1) Smaller mom & pop shops that barely bring in a profit cannot afford the subscription fees on even one or two seats. Working for a larger company, we sometimes forget that some industries just can't justify the cost of new technology in the form of computers, software and training.

2) Large companies with several seats of SolidWorks (including my own) are struggling to stay affloat, and the next item on the list to cut back on is maintenance fees that we really only use to upgrade to the next version.  Sure we use the tech support, but usually only once a year (when we have installation problems).  Our company went from having 15 seats to only 7 now.  At several thousand dollars per year for maintenance, that helped save our company.


I've been trying to come up with a solution to this dilema, because let's face it... we are here to help each other.  If not, then you wouldn't lead or attend user group meetings, and you certainely wouldn't be browsing this online forum looking for questions to help answer.  The only solution I've been able to come up is something similar to how a friend of mine get's $10 a month phone service, and I pay $50.  It's based on income.  If you can prove your company's profit is less than X, then you qualify for a discounted price.  Tech support could be for a month to help with install and get you moving,and upgrades wouldn't need to be included.  You can get all the free training you need online from helpful websites, and user groups.  Let's face it, software is expensive to develope, but is cheap to distribute.

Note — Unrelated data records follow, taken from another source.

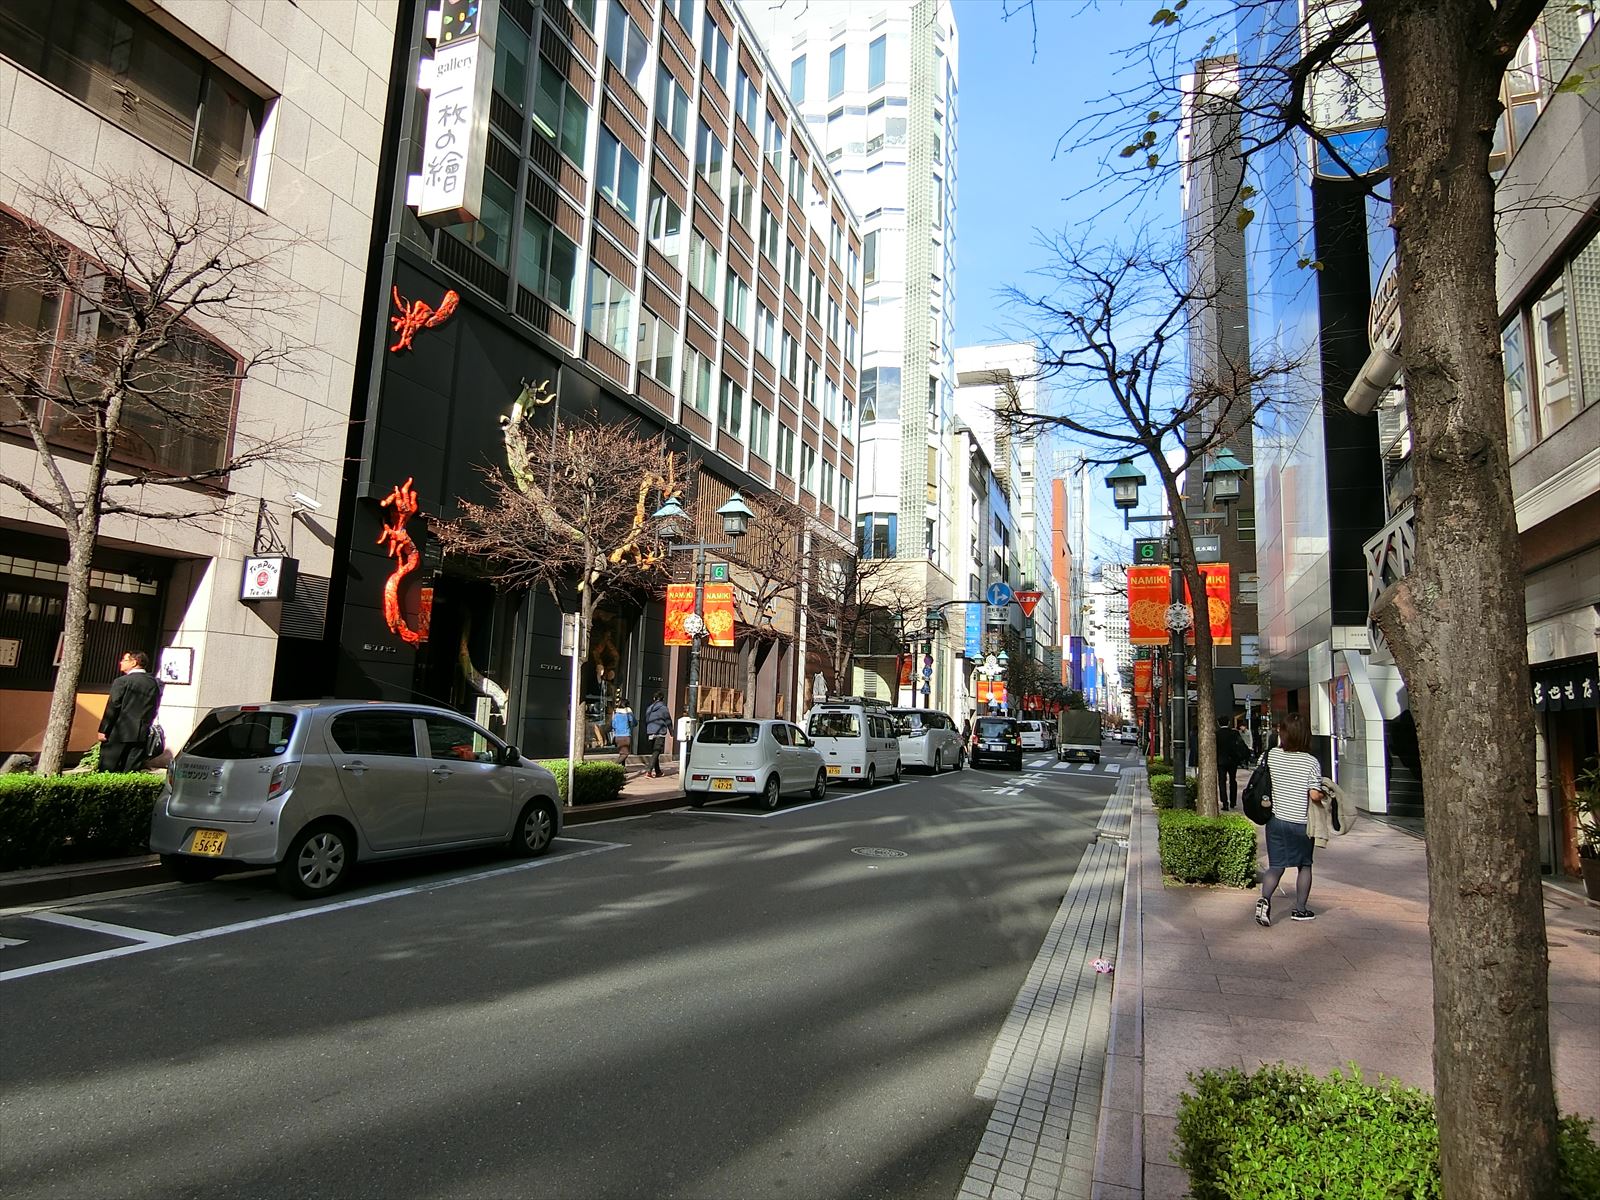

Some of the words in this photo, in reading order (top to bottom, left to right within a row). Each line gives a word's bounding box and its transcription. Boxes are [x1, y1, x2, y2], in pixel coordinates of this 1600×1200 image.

[437, 55, 473, 77] gallery
[426, 86, 468, 194] 一枚の繪
[1141, 544, 1154, 558] 6
[714, 566, 724, 578] 6
[1130, 575, 1167, 585] NAMIKI
[1206, 575, 1226, 583] MIKI

If a company can't afford the full price, then they will do one of three things... 1) use outdated software until they either get lucky with a big contract or go out of business.  2) download a bootleg version somewhere and that's not cool or 3) switch to a different product, and that's not cool either.


Does anyone else have any ideas on getting inexpensive software to the masses so companies can continue to be competitive?